__WHAT YOU WILL DO__
If any record holds an image, omit the image and print the rest exactly.

__Saved entries__
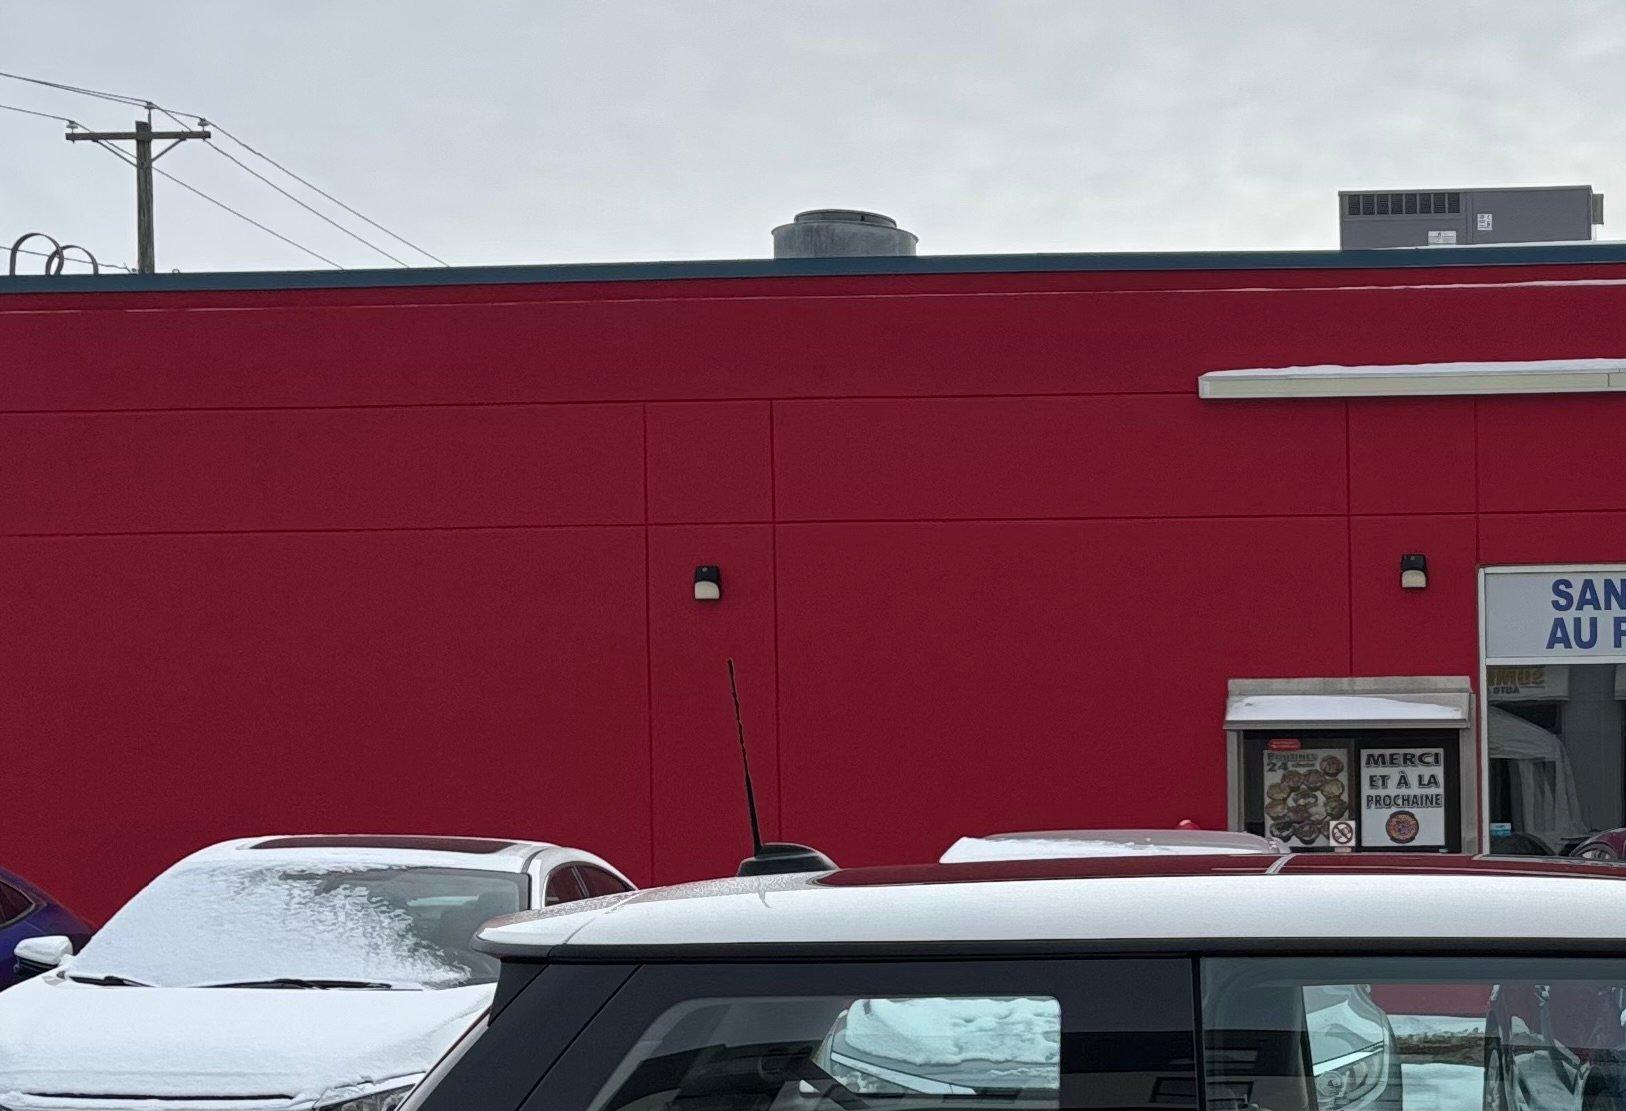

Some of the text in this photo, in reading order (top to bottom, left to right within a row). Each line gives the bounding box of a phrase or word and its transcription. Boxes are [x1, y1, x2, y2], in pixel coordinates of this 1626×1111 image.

[1545, 616, 1598, 649] AU
[1365, 752, 1442, 768] MERCI
[1369, 770, 1440, 789] ET À LA
[1366, 794, 1443, 809] PROCHAINE
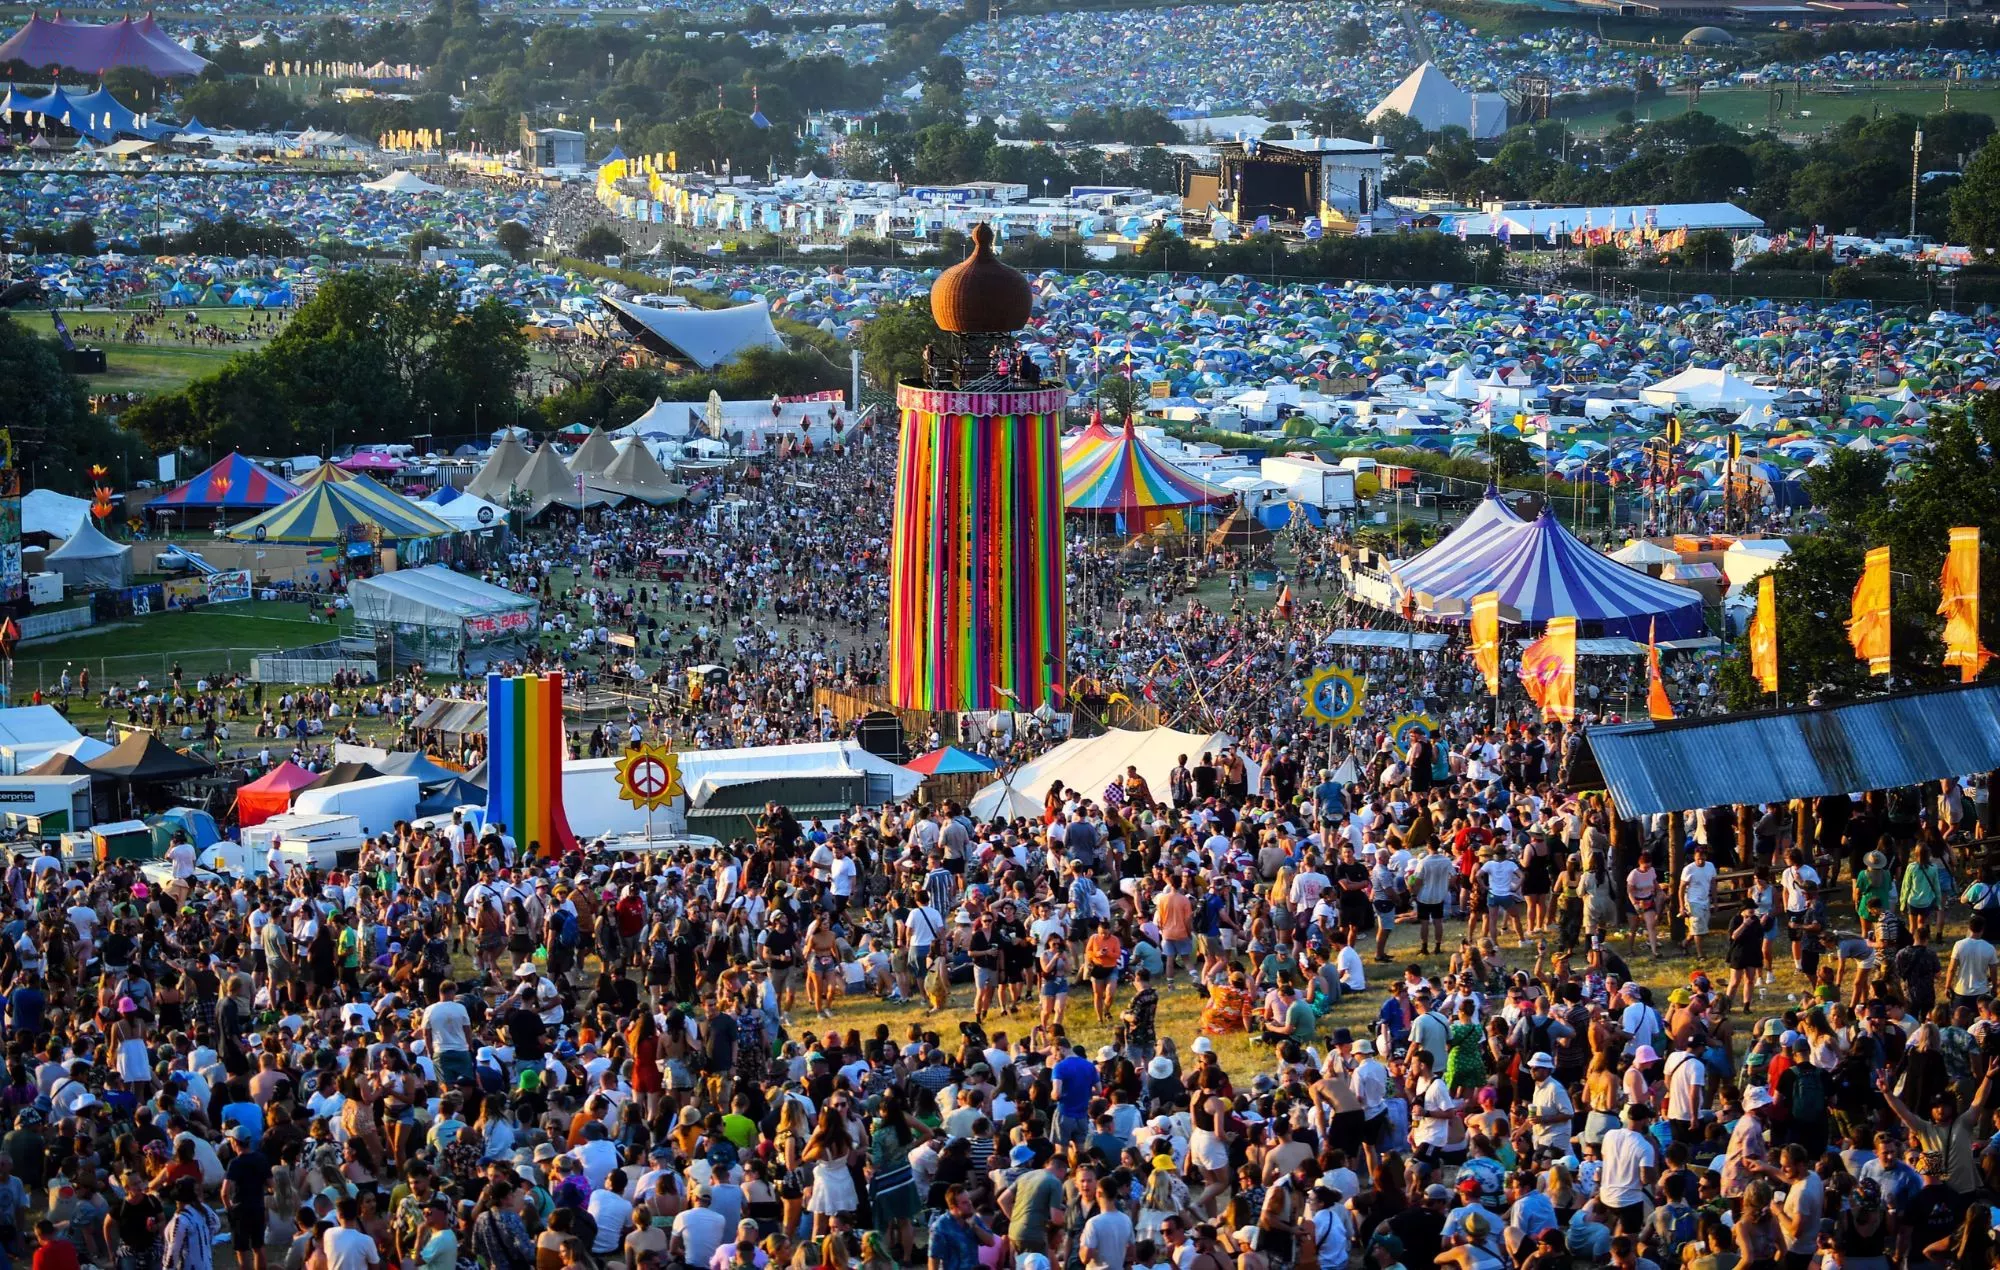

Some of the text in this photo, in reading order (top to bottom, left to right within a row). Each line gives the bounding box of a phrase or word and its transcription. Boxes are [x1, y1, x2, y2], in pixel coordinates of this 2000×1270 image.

[923, 192, 963, 200] MARITIME
[474, 612, 529, 631] THE PARK
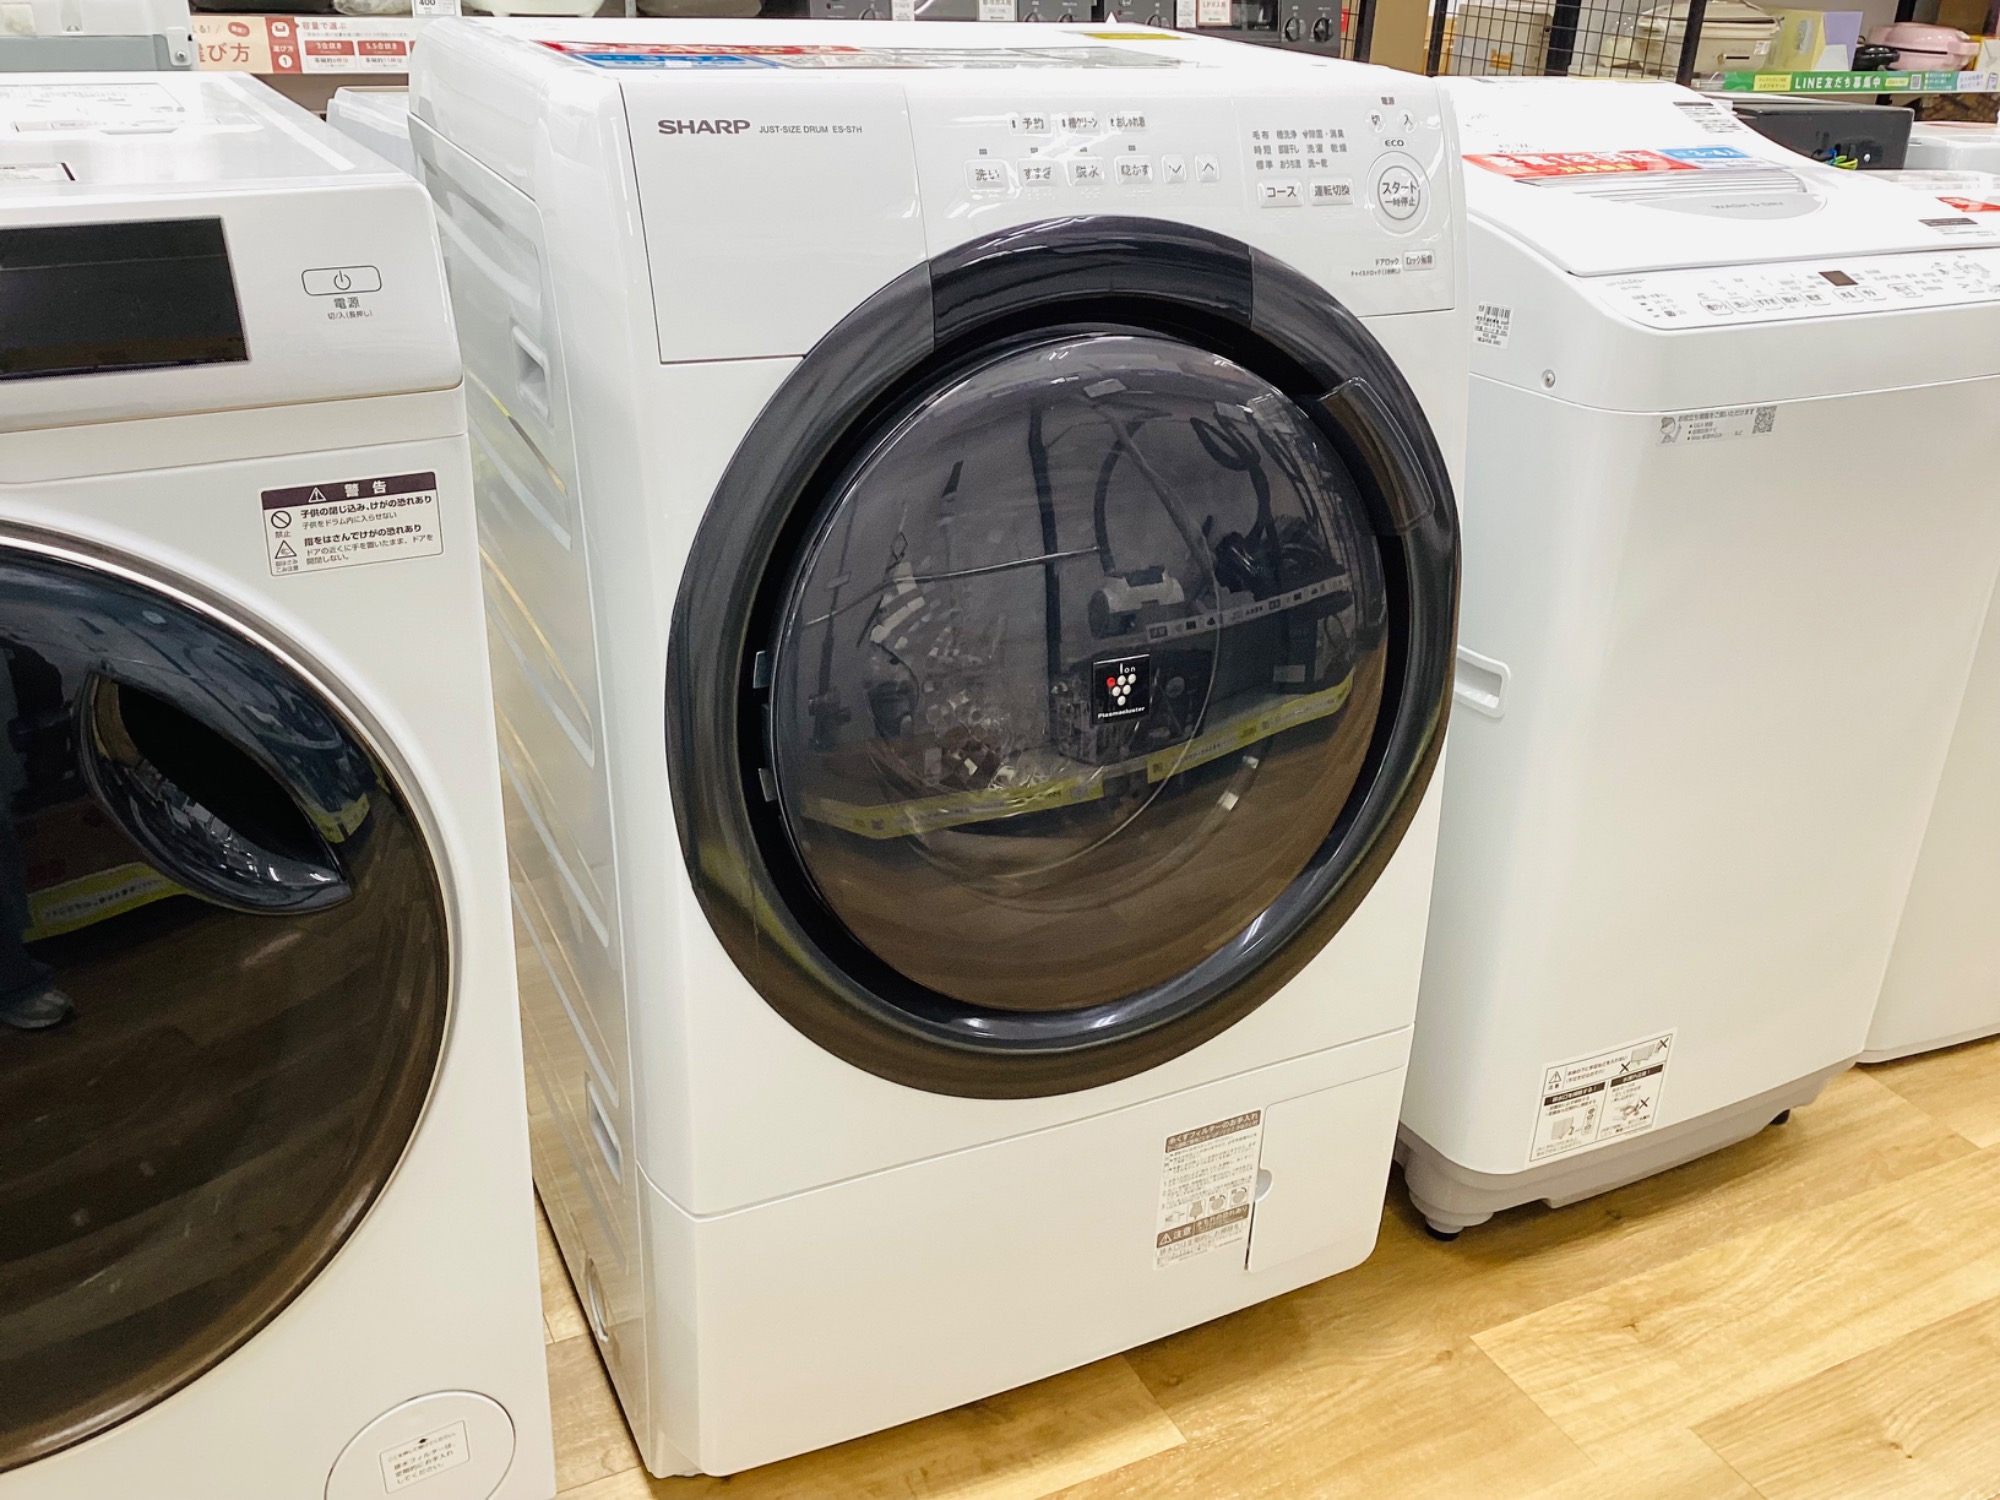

__RESULT OF THIS EXERCISE__
Some of the text in this photo, in reading order (top to bottom, left to right within a row). Each line gives the bounding box of a phrase or word and its transcription. Boxes are [x1, y1, x2, y2], in pixel coordinates of this 1626×1111 image.

[1545, 616, 1598, 649] AU
[1365, 752, 1442, 768] MERCI
[1369, 770, 1440, 789] ET À LA
[1366, 794, 1443, 809] PROCHAINE

Some of the text in this photo, in reading order (top to bottom, left to right within a row). Each line gives the bounding box of a phrase or word and its transcription. Boxes are [x1, y1, x2, y2], in pixel coordinates of this 2000×1270 image.

[923, 192, 963, 200] MARITIME
[474, 612, 529, 631] THE PARK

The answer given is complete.